There's that. I'm not even going to get started on Glocks, though. Most pistols eject the rounds forcefully enough to prevent this problem. I am firmly of the opinion that a good design should never be so sensitive as to have its functioning affected by shooter movement. The ejector should have enough clearance for the slide to keep moving rearward a ways afterwards, and should be forceful enough to ensure the casing clears the breech in almost all circumstances. Fact is, most 1911's and derivatives are fast enough and forceful enough that shooter movement is not a problem. It's only a very small subset of designs with "innovative" new ejection techniques that typically have problems.
 
I am not intending to start any type of flame war, only sharing MY experience, which is different than another member's!
There's that.
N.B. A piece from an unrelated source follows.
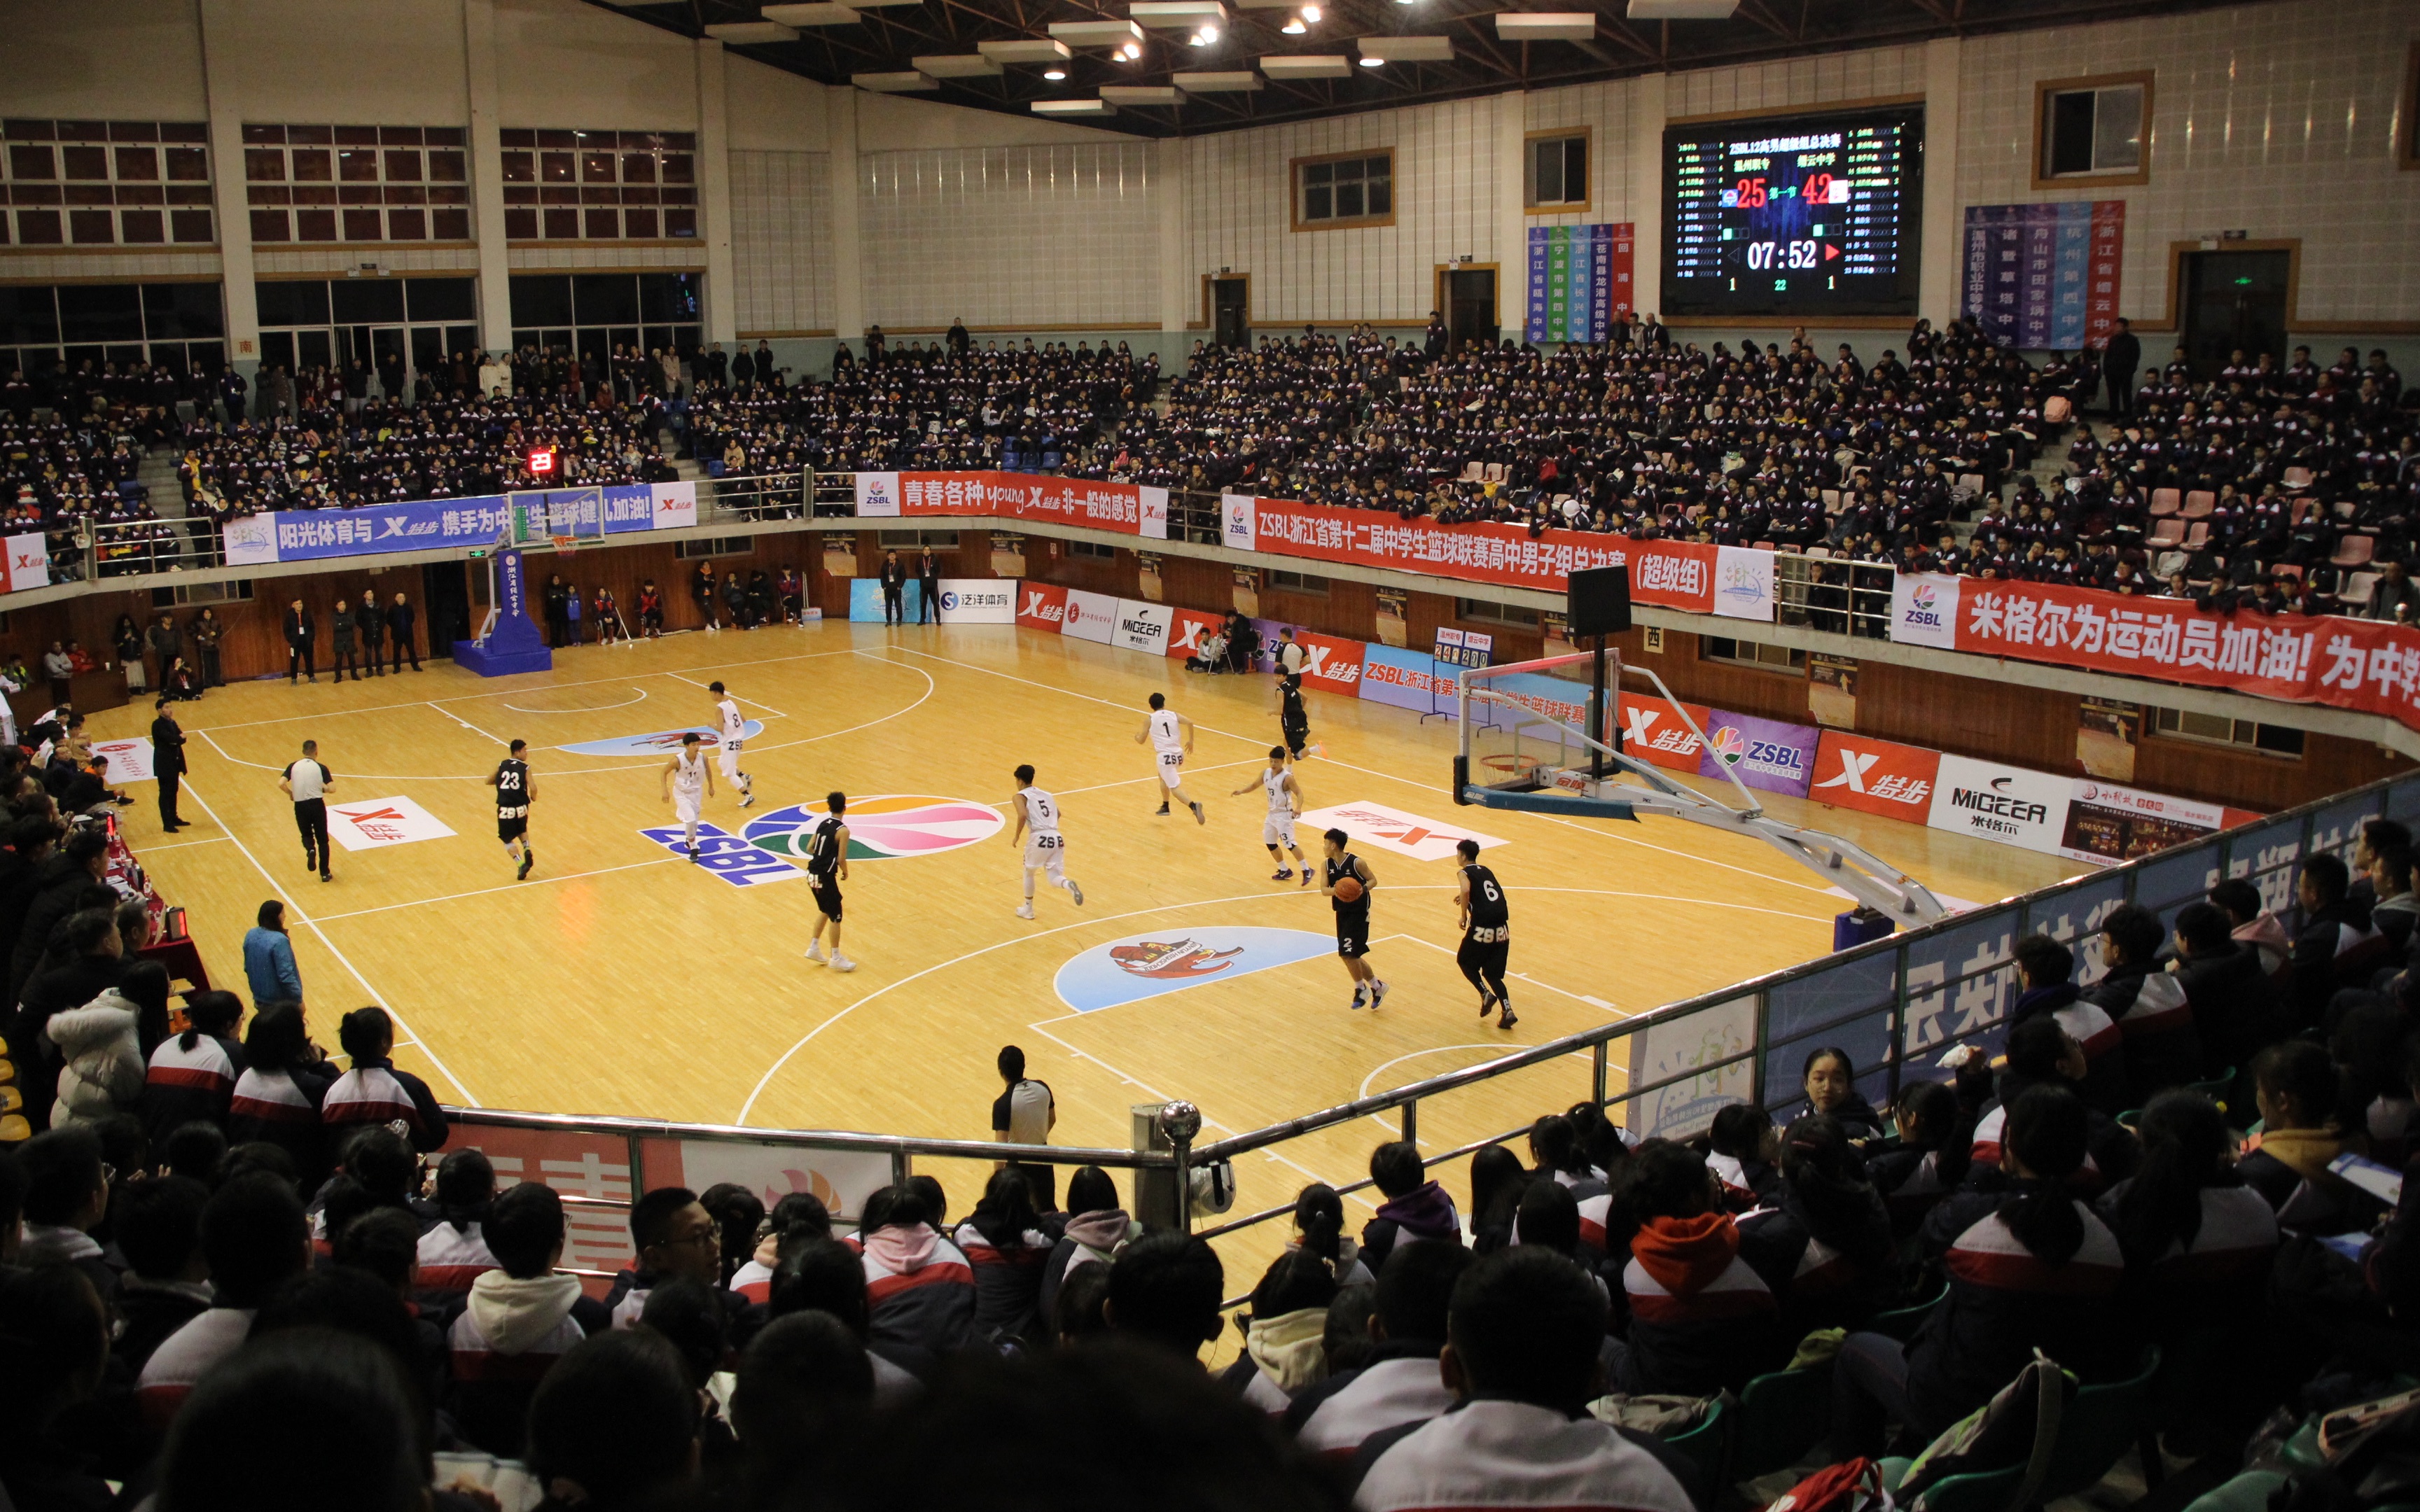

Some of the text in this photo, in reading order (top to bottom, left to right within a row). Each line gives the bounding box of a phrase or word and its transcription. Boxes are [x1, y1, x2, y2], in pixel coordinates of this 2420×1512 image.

I'm not even going to get started on Glocks, though.... Fact is, most 1911's and derivatives are fast enough and forceful enough that shooter movement is not a problem. It's only a very small subset of designs with "innovative" new ejection techniques that typically have problems.
Odd, I've had numerous stovepipes on my Colt 1991A1, but never one (or any other type of malfunction) on my Glock or XD. That Colt sure did take a break-in period, too. I trust it now, but at first...no way. I wonder if I got a lemon?
 
The tendency for certain handgun designs to have "limp-wrist" malfunctions is primarily a function of physics. There must be enough slide velocity and movement (ie, full movement) for the pistol to operate properly. This velocity is relative to the frame. A pistol with more mass in the frame does not require that the shooter "hold" it as firmly in order for the slide to move enough relative to the frame. Similarly, increased recoil spring strength works to increase the likelihood of problems while decreased recoil spring strength works to decrease the "limp-wrist" condition.